Since we arrived at Bwatnapne Bay late in the afternoon, there was not much time to go ashore before dinner. And since we would have to return to the ship for dinner, we all opted to stay on board. We rigged up the rope swing on the end of the foreyard which was braced around to port. Climbing out on the forward starboard edge of the fo’c’sle head, we grab onto a heavy rope that has several knots tied in it, swing way out and drop into the water. Jack and a couple of others do fancy flips, forward or back; the rest of us go kerplunk.
We also launched a couple of outrigger dugout canoes that the Captain purchased in Asanvari. They had been lashed on the main deck during our transit, so we just had to lift them up over the rail and lowered into the water. The difficult part is getting into the canoe without swamping it. And the trick is to only enter the canoe at midships; never attempt to enter at the bow or the stern, or even move too far forward or aft of the center of the vessel. As I learned the hard way, this is guaranteed to swamp the canoe and you will be swimming when you did not expect to do so. I didn’t feel so bad about doing it when I saw Jill do the same thing only a few minutes after I did. I also discovered how difficult it can be to steer or to go anywhere when using a half-size paddle and the wind is blowing. As the wind blew me away from the ship, John Kemper reminded me “don’t go farther than you want to swim.” I had fun going in circles!
On our second day at Bwatnapne Bay, Chief Alan Bule had planned a Program for us which included some welcoming speeches, music by the Tasule String Band (remarkably similar to the music we had heard from other string bands), and officially presenting school books that the Picton Castle brought on behalf of World Wise for the primary and secondary schools. After the Program finished we had an hour or so to visit the school and talk with students and villagers before lunch. A buffet was set up for us with the usual rice, taro, manioc and pawpaw (papaya) supplemented by mackerel from the ship’s stores. We used large leaves as plates and because of the scarcity of forks, most of us ate with our fingers.
After lunch, we had a two hour trading session. Woven baskets and mats were the most abundant items that the islanders offered for trade. Nautilus shells and boar tusks were reserved for special deals. The islanders were very eager to trade for clothes, flashlights, paper and pens, and especially wristwatches. Some of the crew literally traded the clothes off their back.

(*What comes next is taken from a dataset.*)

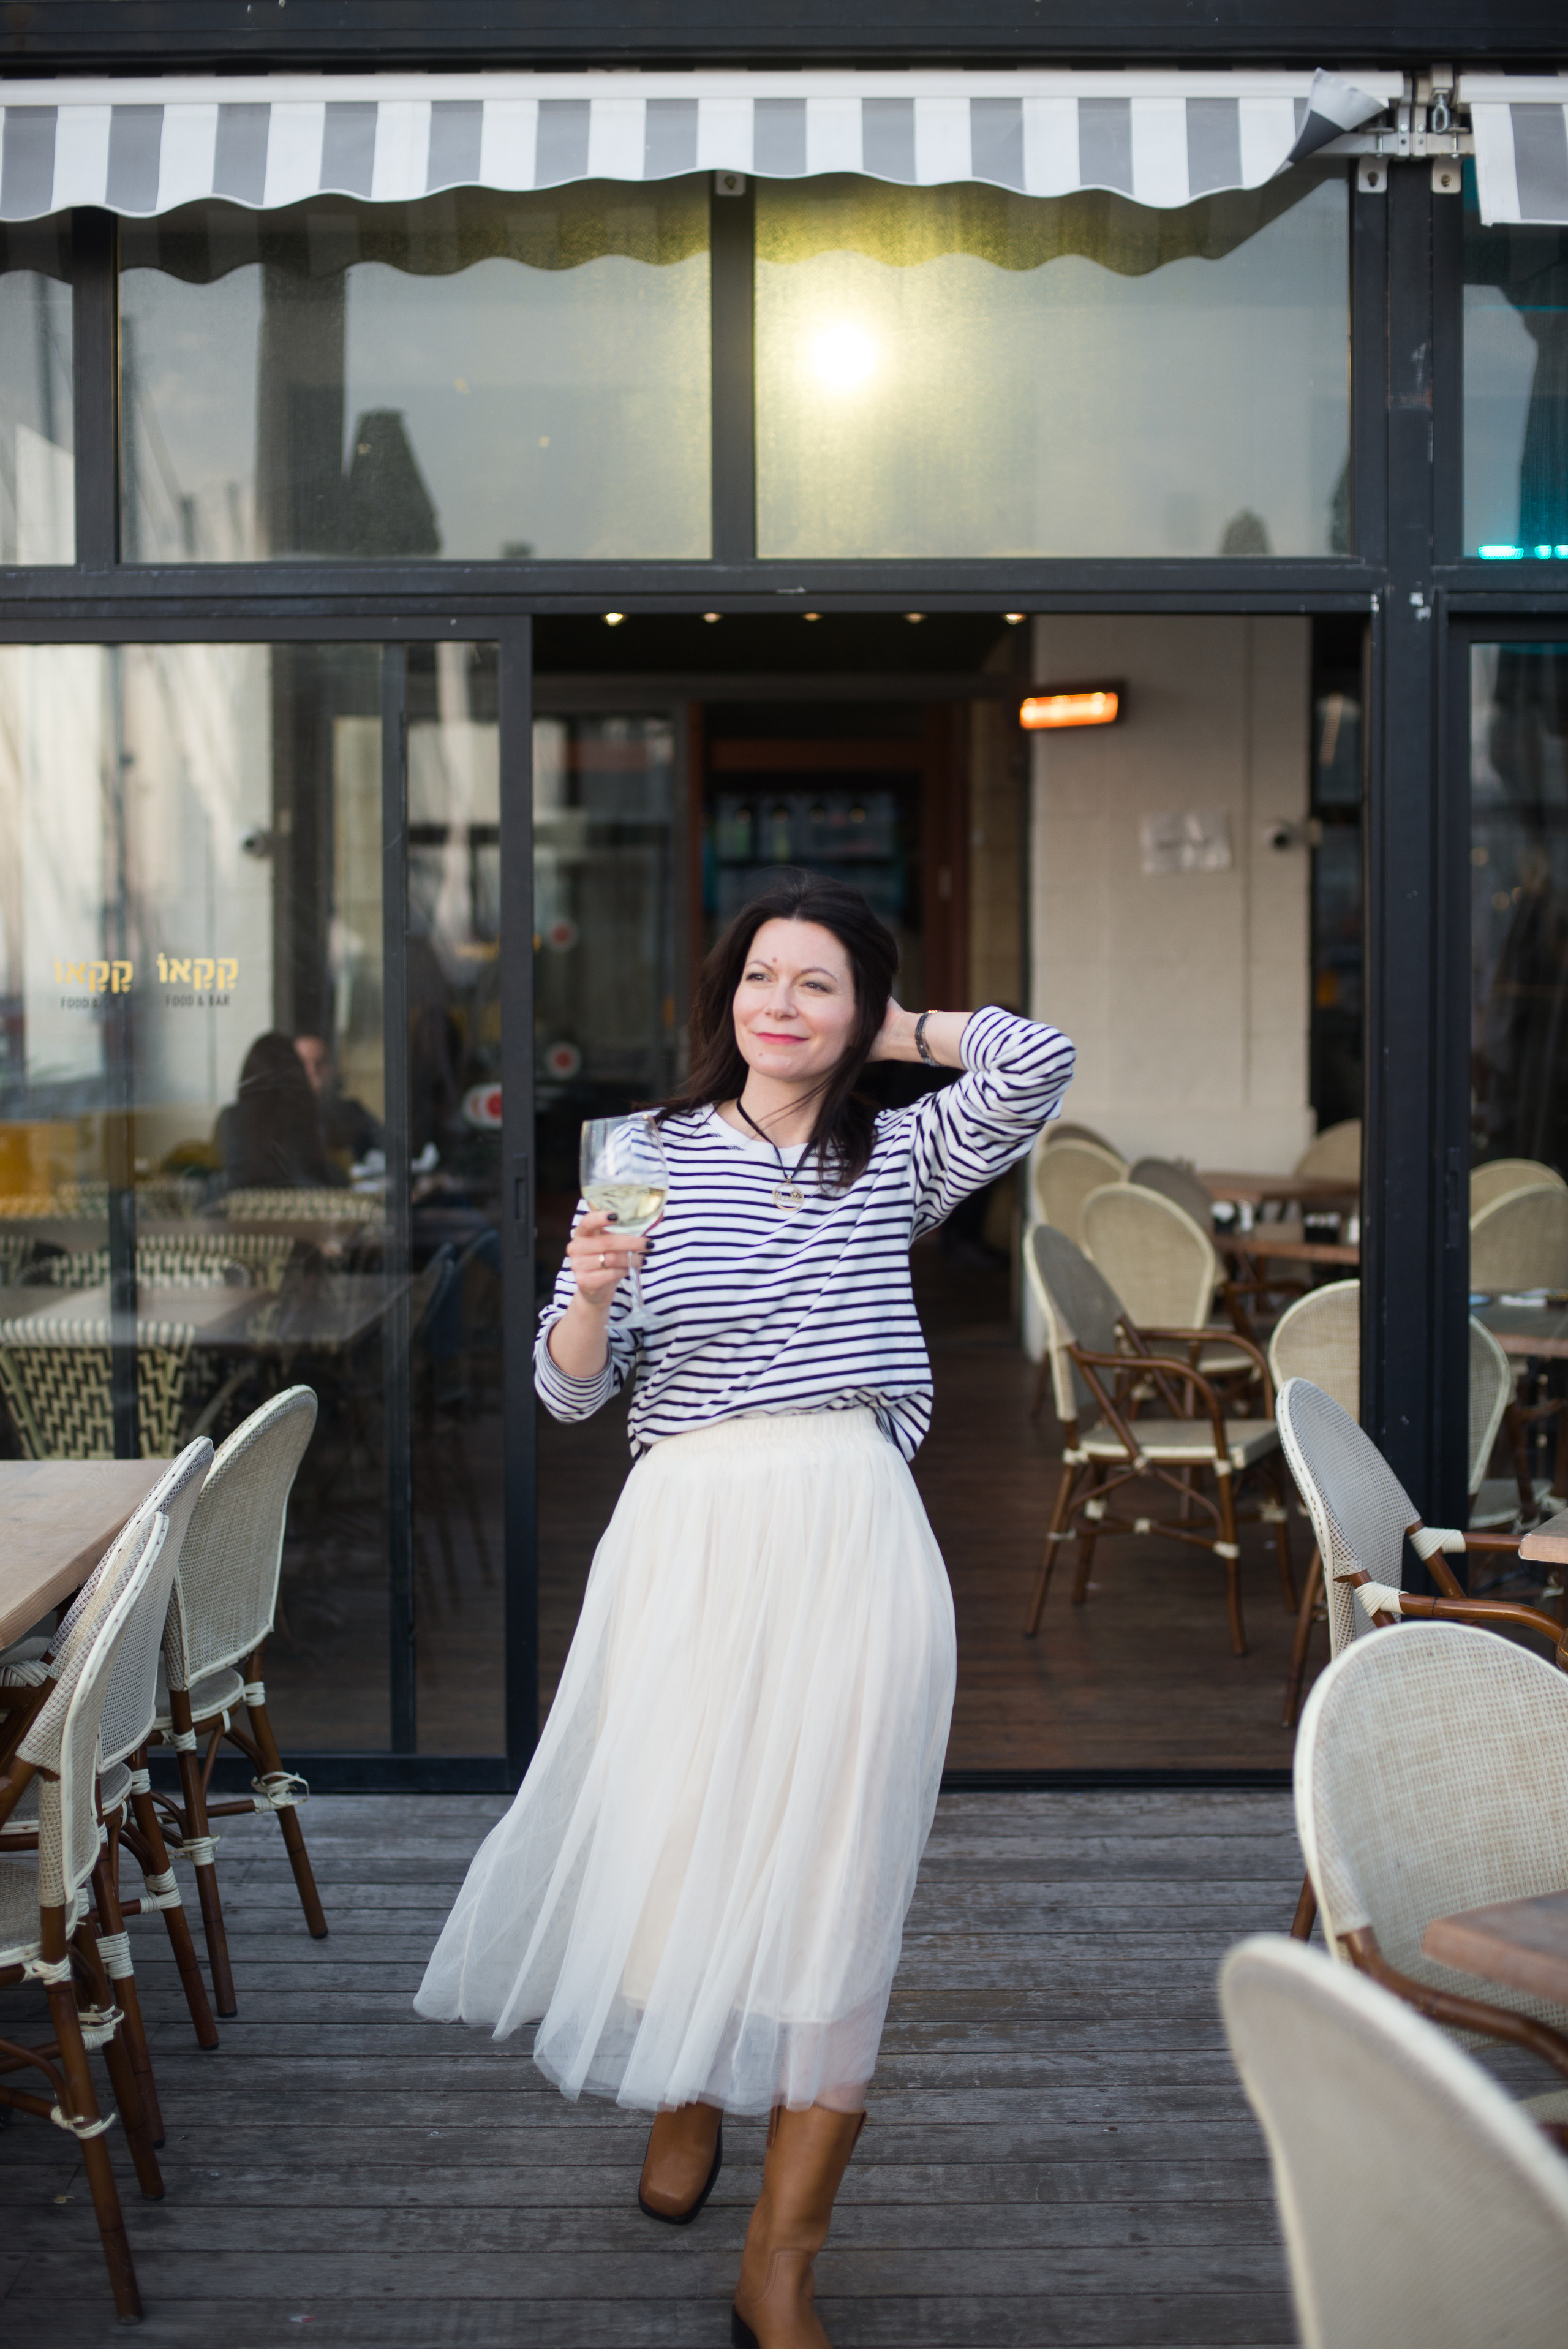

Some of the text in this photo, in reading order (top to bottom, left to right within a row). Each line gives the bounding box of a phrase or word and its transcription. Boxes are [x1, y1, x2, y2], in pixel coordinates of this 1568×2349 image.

While we were in Bwatnapne Bay, as well as the other islands, our ship’s doctor, Keith, held a medical clinic and saw patients with a myriad of complaints. In Bwatnapne the major problems were an epidemic of scabies among the children, and abdominal pain of unknown origin among adults. Bruce, a former army medic who assisted Keith, speculated that the abdominal pain could be related to regular consumption of kava, which is highly acidic, on an empty stomach.
Since I had to work on the ship during our third and last day at Bwatnapne, I was unable to do any snorkeling there. A dozen of the off duty crew lowered the Monomoy (the ship’s lifeboat), rowed out to a reef and snorkeled. They reported seeing some unusual sea life including a sea horse.
On our last afternoon in Bwatnapne we invited the islanders to tour the ship. My guess is that there were 200 or more visitors, adults and children, that came on board between 1 pm and 4 pm. We ran the skiff continually back and forth between the ship and the beach taking people to and fro.
We heaved up the anchor shortly after 5 pm and set out for Espiritu Santo. We “sailed” through the night. In reality, we ran before the wing with bare poles, going as fast as 4.5 knots with no sails set. The 4-8 watch had set a few sails and had to take them in right away. The Captain’s orders were to take in sail if we went faster than 3.5 knots.
When I came on watch at midnight and took the helm, the wind was blowing Force 7 with some gusts of 8; we were going more than 4 knots and no sails were set. Steering was tricky – sometimes very steady and other times the ship jumped two points or more from one direction to the other. With an ordered course of West by South ½ South, my heading varied from West by North to Southwest. Most of the time I was able to stay within half to one point of the ordered course.
We arrived in Espiritu Santo mid-morning. After several attempts to back into an anchorage with our stern to the shore and tie up to trees on shore, we wound up anchoring farther offshore, across the harbor from Luganville. We’ll be here until Monday morning when we set sail for Bali.